Clear the App Cache When it Misbehaves

One of the frustrating things with phones is an app that is out of control. It seems to raise havoc with the phone, and crashes frequently. Rather than going to the extreme to uninstall it, first see if clearing the cache corrects the problem. Much of the time, it will. To clear the cache, go to Settings, then Applications, followed by Manage Applications, followed by selecting the misbehaving app. Clearing the cache will not have any effect on your settings so you can do this procedure with confidence. 
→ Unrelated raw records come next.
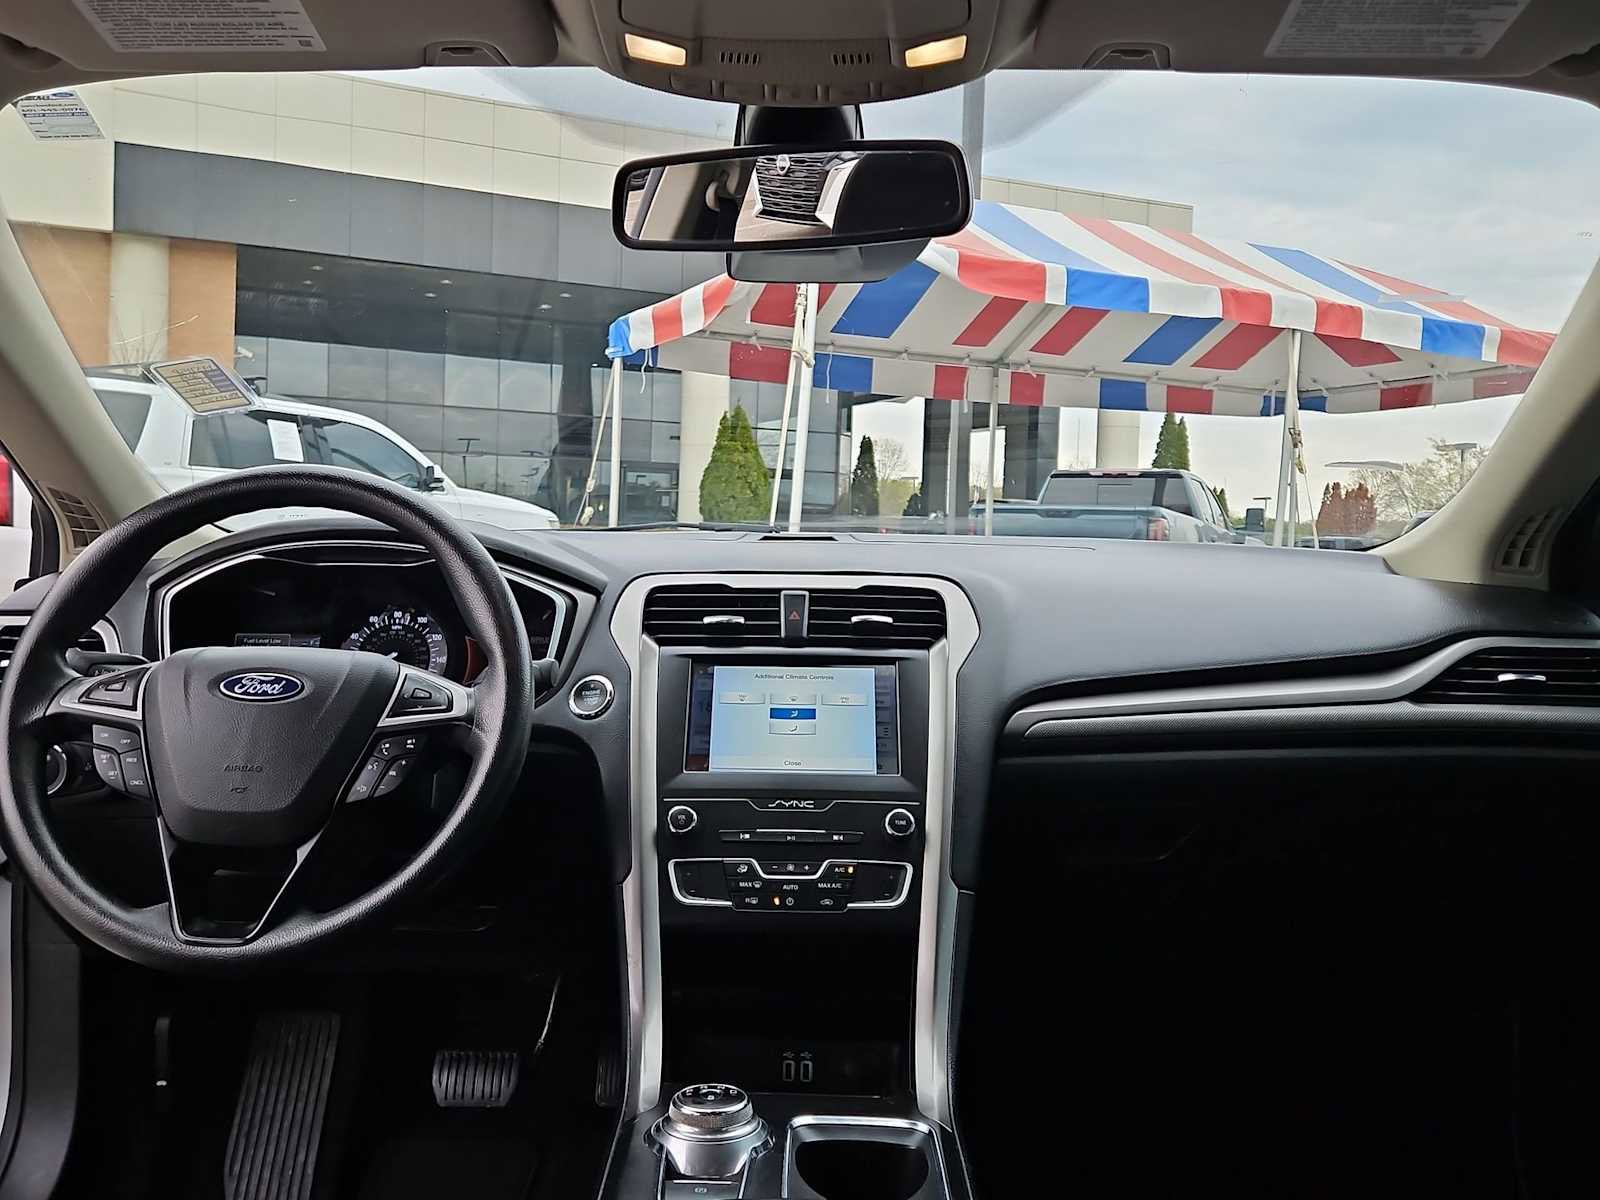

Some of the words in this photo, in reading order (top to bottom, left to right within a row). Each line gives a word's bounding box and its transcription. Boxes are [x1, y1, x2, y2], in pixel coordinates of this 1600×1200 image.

[417, 616, 428, 624] 100
[350, 632, 359, 640] 40
[235, 675, 285, 694] Ford
[223, 764, 264, 773] AIRBAG
[767, 800, 815, 808] SYNC
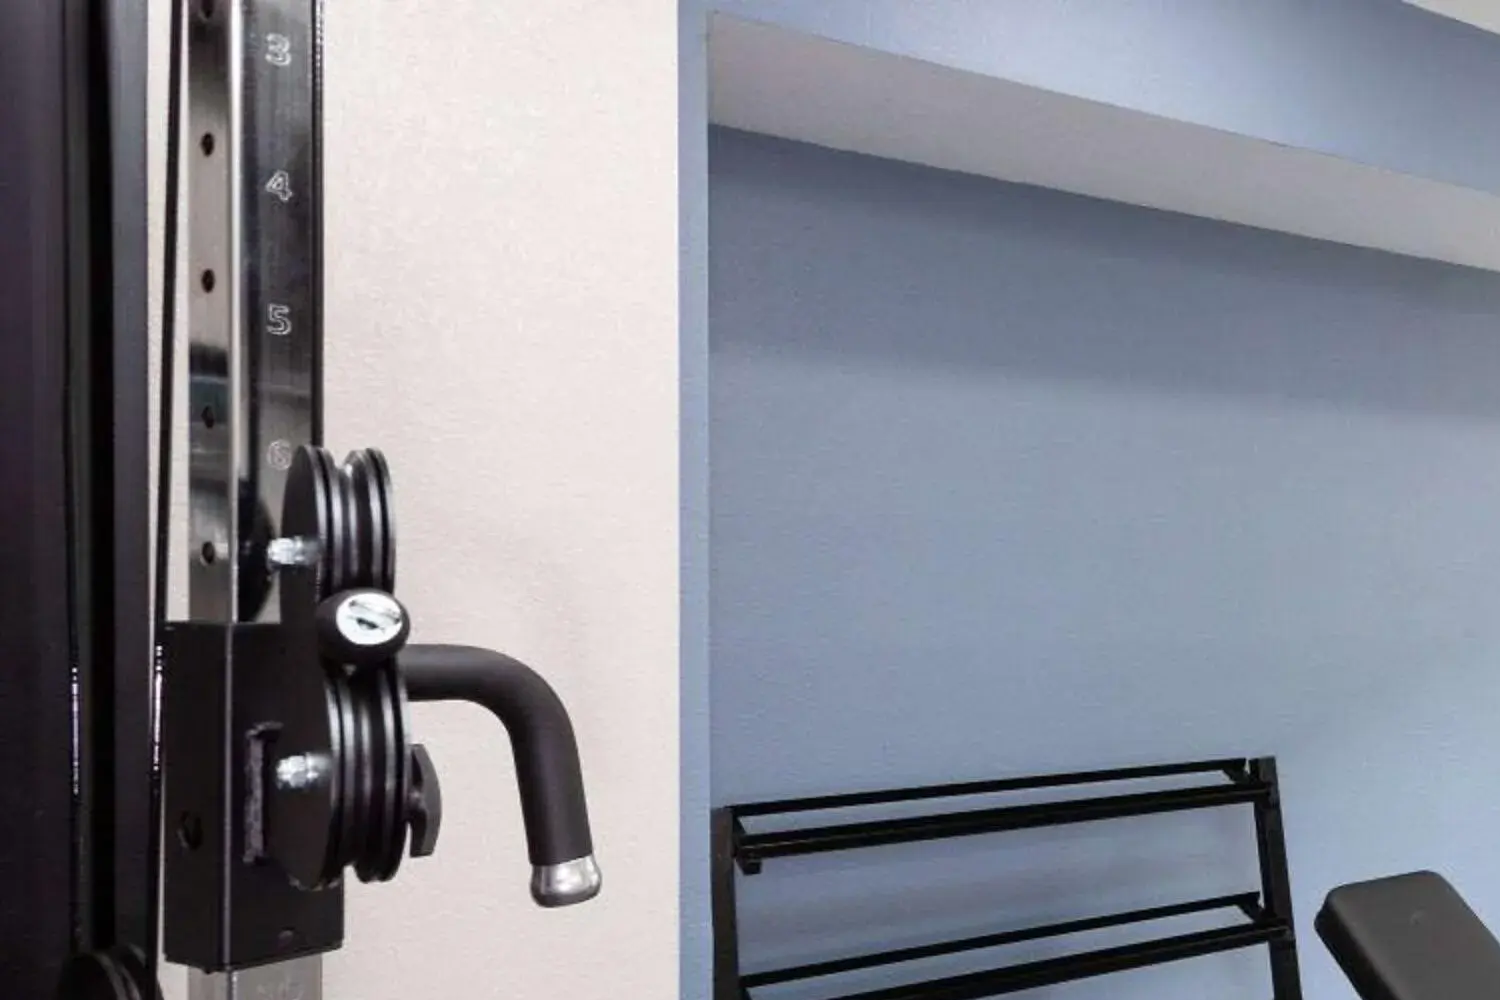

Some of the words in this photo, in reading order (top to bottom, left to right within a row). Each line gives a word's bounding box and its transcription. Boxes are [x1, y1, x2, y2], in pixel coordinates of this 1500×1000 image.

[265, 33, 291, 66] 3
[265, 169, 293, 201] 4
[266, 303, 292, 336] 5
[266, 439, 292, 471] 6
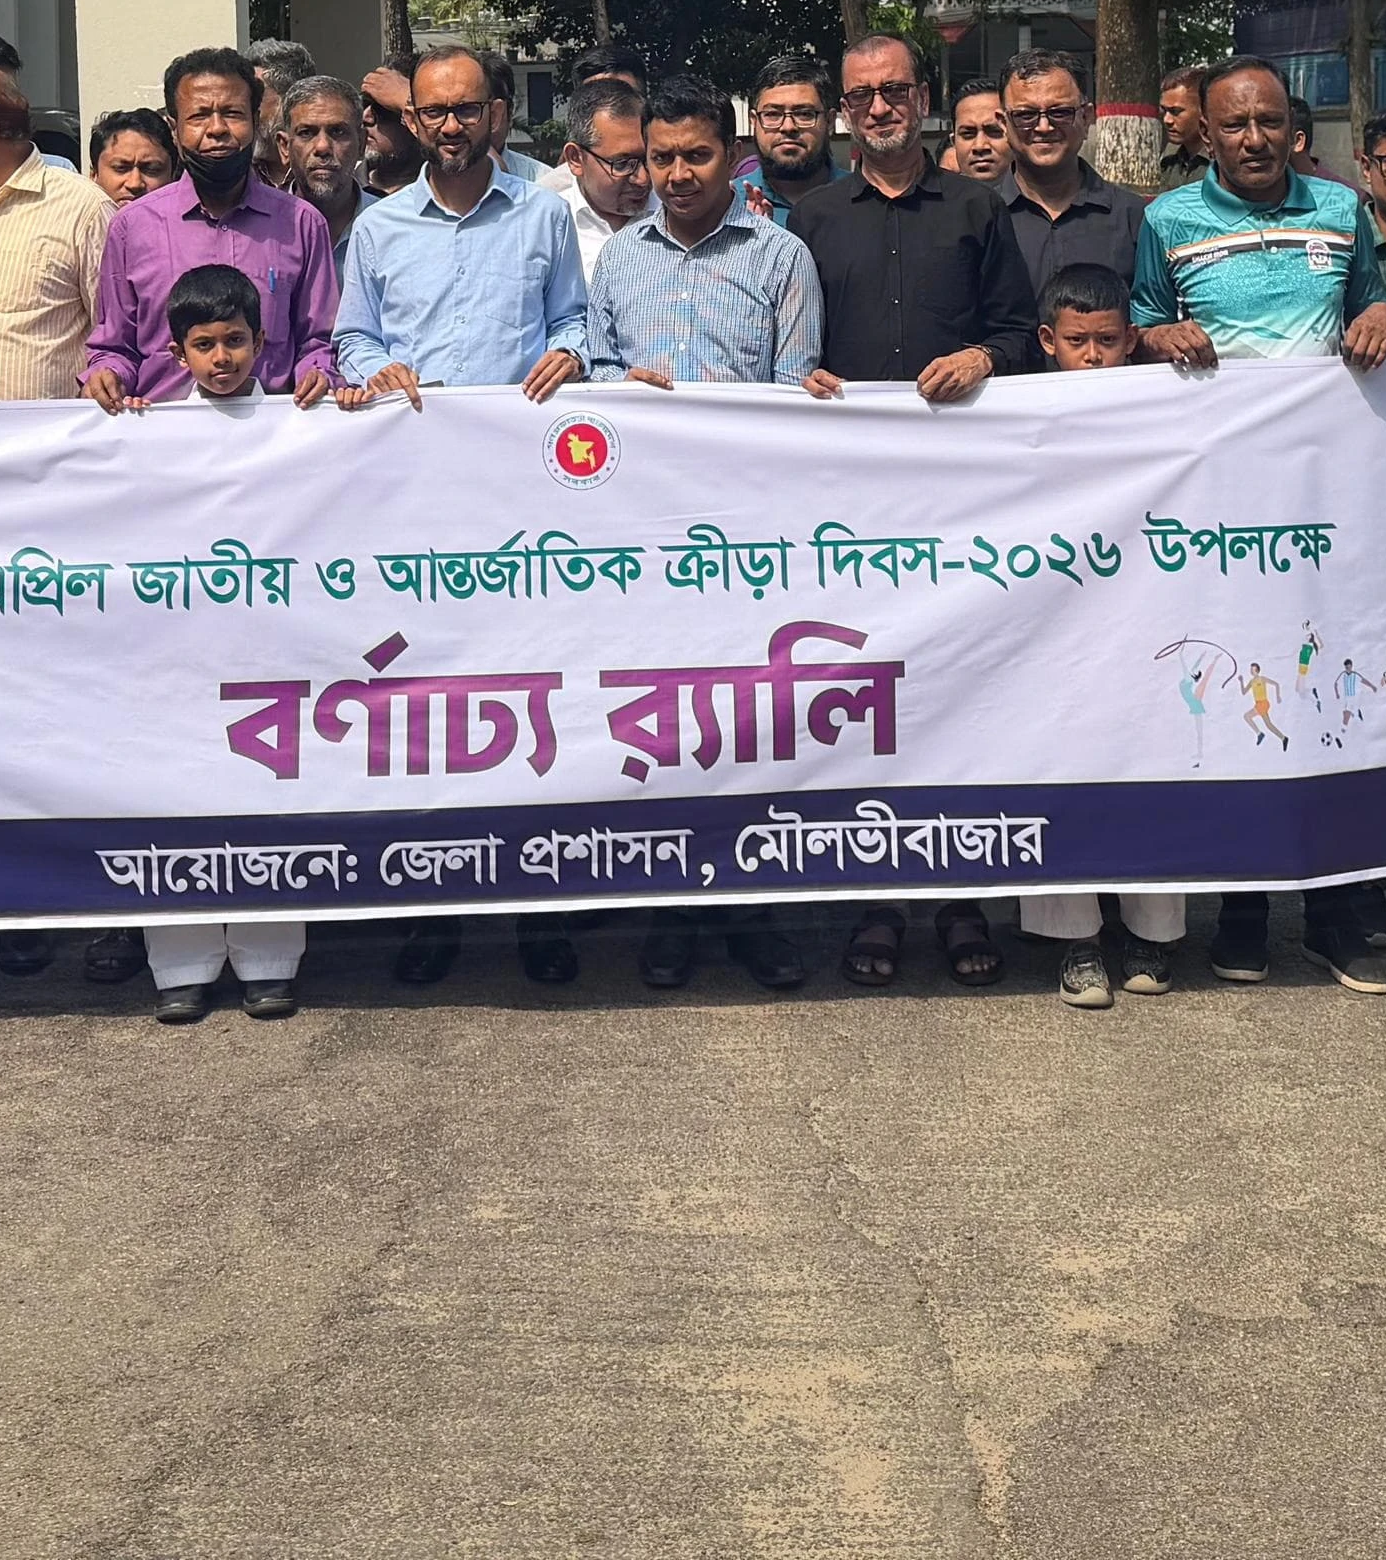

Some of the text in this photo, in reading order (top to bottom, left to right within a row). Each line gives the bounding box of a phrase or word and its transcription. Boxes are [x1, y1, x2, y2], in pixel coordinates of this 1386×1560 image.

[125, 538, 298, 610] জাতীয়
[316, 557, 357, 600] ও
[373, 530, 645, 604] আন্তর্জাতিক
[665, 524, 795, 600] ক্রীড়া
[814, 521, 1122, 592] দিবস-২০২৬
[1144, 511, 1337, 577] উপলক্ষে
[219, 631, 563, 781] বর্ণাঢ্য
[379, 833, 507, 886] জেলা
[733, 800, 1049, 875] মৌলভীবাজার
Avoid Paying Extra for Exceeding Data Limit

If you’re on a limited data plan, it’s important to know how much data you’ve used. To view your data usage, go to Settings, then select Data Usage. You will see a list of all of your apps that consume data with the amount used thus far. You can also view each app settings but the important item is the choice to limit the app’s usage. Check the box, “Limit mobile data usage.” You can also specify what is the cutoff point. If you only want to focus on limiting one specific app, since each app is listed, select the app and a new window will open for designating what data limit you want to assisgn.  Just check the box, “Restrict background data.” Doing this restricts your mobile network data usage but will allow you to use WiFi if it’s available. Remember, using WFfi does not count toward your minutes or data usage. 

It really only takes a few minutes to implement the above tips. Keep in mind that some Android menus will be worded slightly differently, depending on the manufacturer. I'll provide more Android cell phone tips in future posts.